Content starts
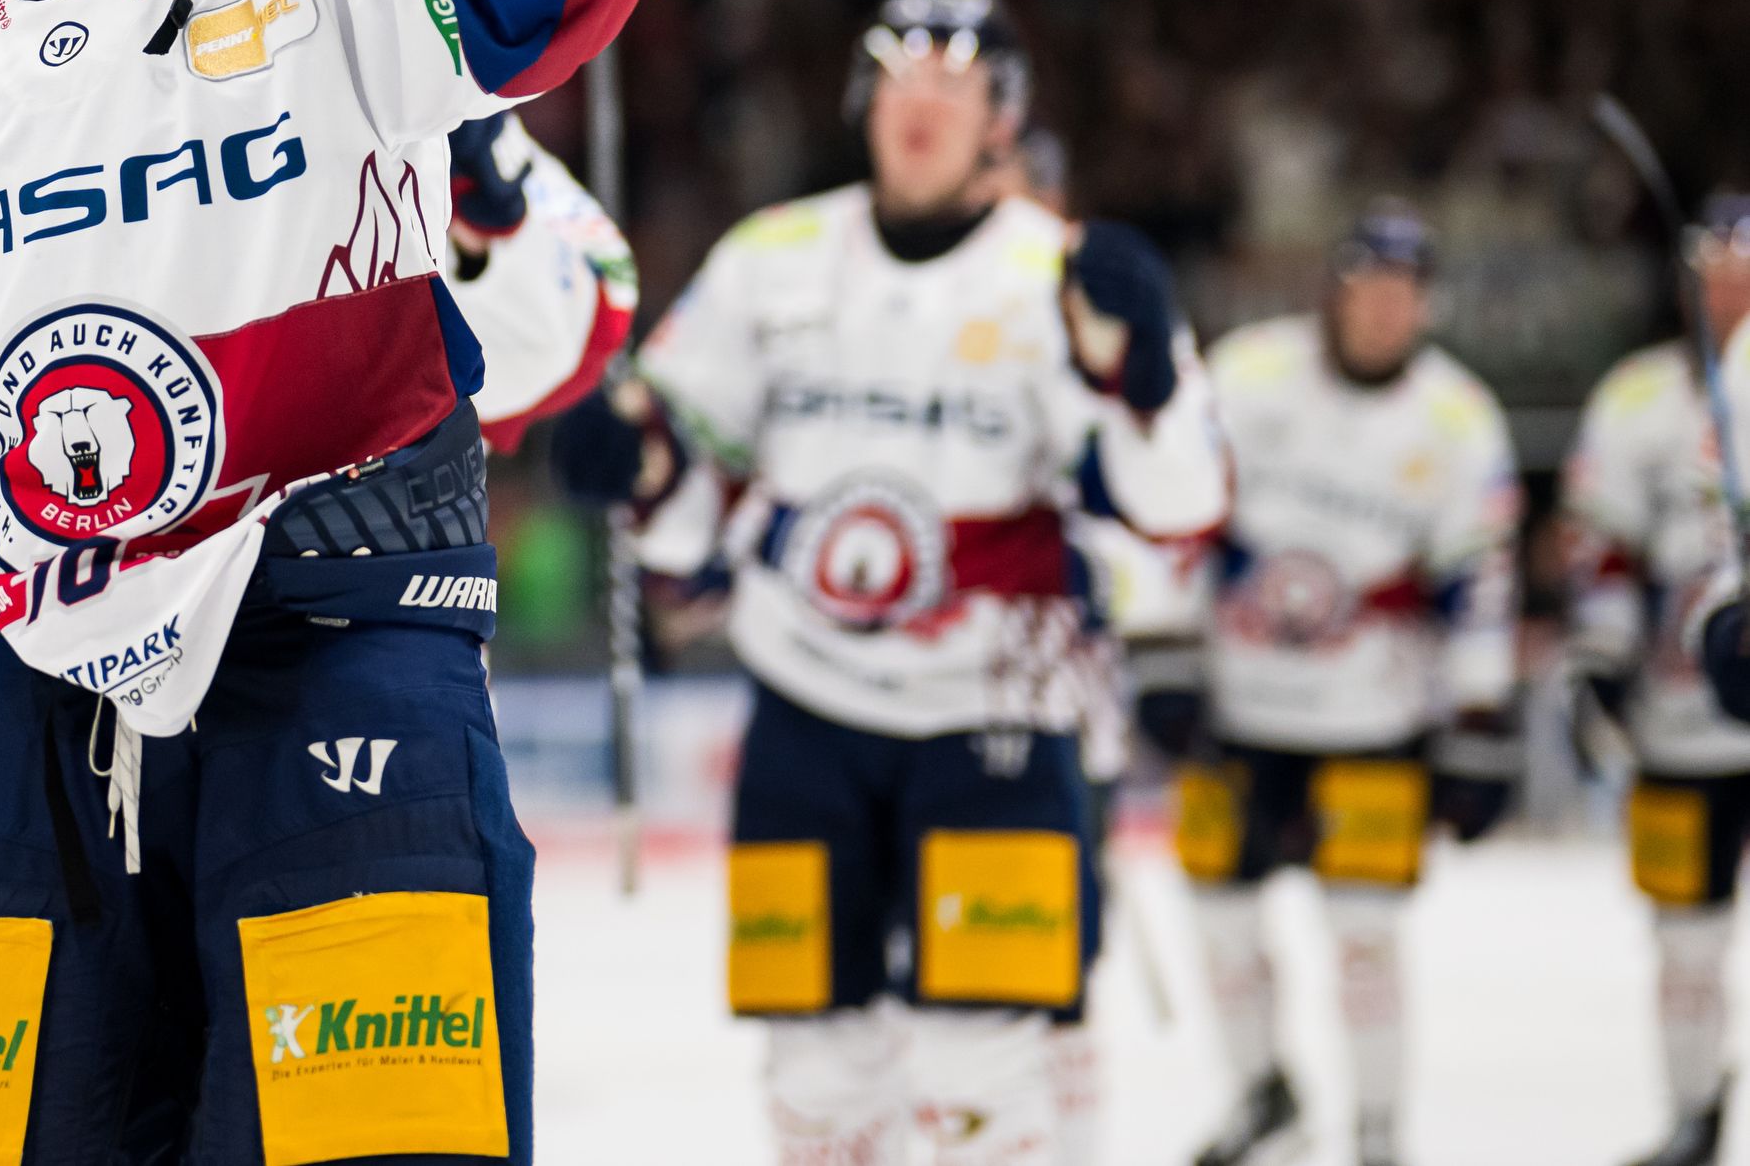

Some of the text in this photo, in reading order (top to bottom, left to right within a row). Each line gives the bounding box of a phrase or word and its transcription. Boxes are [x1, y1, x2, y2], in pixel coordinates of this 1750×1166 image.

[195, 27, 255, 56] PENNY
[50, 323, 138, 356] AUCH
[147, 353, 205, 515] KÜNFTIG
[40, 498, 133, 532] BERLIN
[59, 614, 182, 690] TIPARK
[316, 995, 485, 1055] Knittel
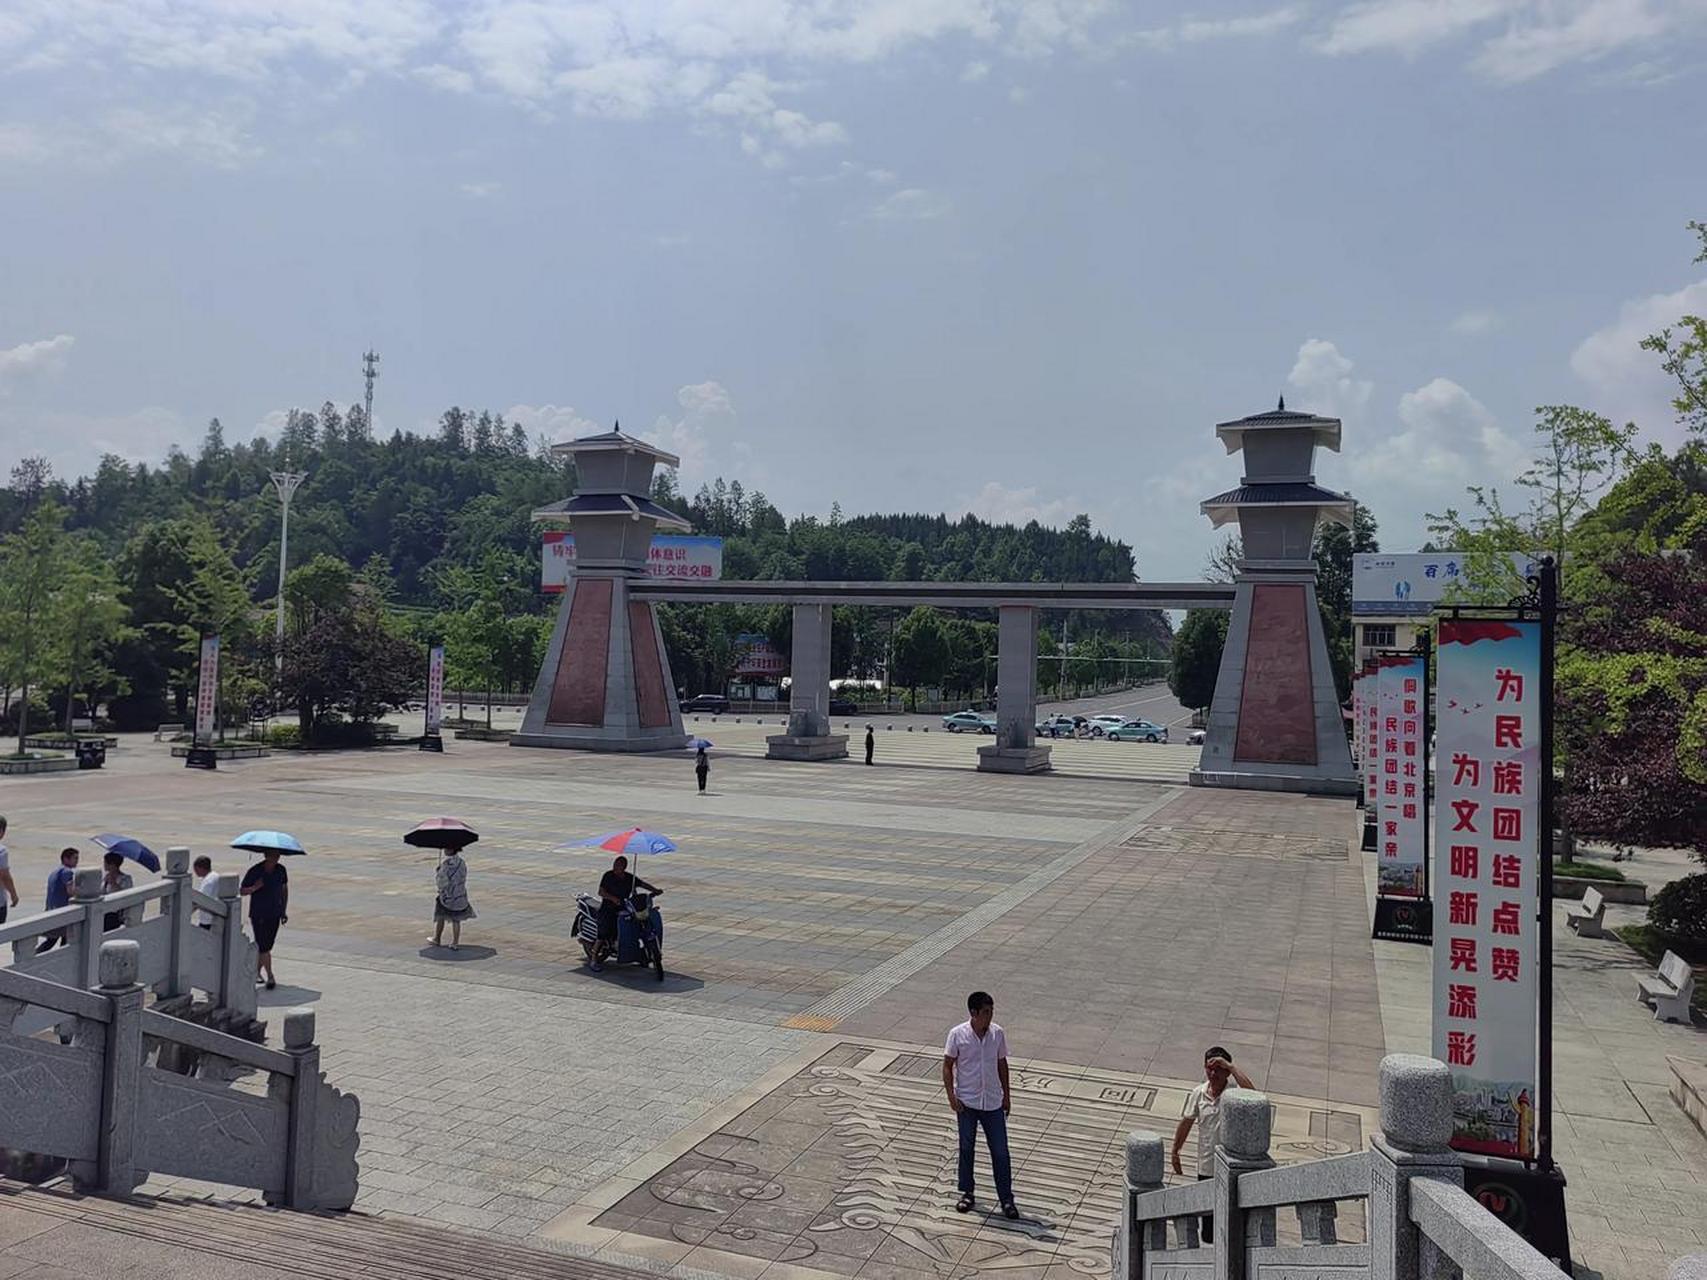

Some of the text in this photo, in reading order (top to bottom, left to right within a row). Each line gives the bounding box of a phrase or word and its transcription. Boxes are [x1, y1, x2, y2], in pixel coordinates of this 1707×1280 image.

[646, 547, 686, 560] 体意识
[1384, 716, 1398, 858] 民族团结一家亲
[1491, 668, 1524, 982] 为民族团结点赞
[1447, 752, 1480, 1067] 为文明新晃添彩
Content ends
Work to complete>
The entries above should be given again exactly, minus any pictures.

Exercise answer>
Some of the text in this photo, in reading order (top to bottom, left to right within a row). Each line gives the bounding box of a phrase or word and its transcription. Boxes are [x1, y1, x2, y2], in pixel coordinates of this 1750×1166 image.

[195, 27, 255, 56] PENNY
[50, 323, 138, 356] AUCH
[147, 353, 205, 515] KÜNFTIG
[40, 498, 133, 532] BERLIN
[59, 614, 182, 690] TIPARK
[316, 995, 485, 1055] Knittel

Some of the text in this photo, in reading order (top to bottom, left to right within a row). Each line gives the bounding box of a phrase or word and its transcription. Boxes are [x1, y1, x2, y2], in pixel coordinates of this 1707×1280 image.

[646, 547, 686, 560] 体意识
[1384, 716, 1398, 858] 民族团结一家亲
[1491, 668, 1524, 982] 为民族团结点赞
[1447, 752, 1480, 1067] 为文明新晃添彩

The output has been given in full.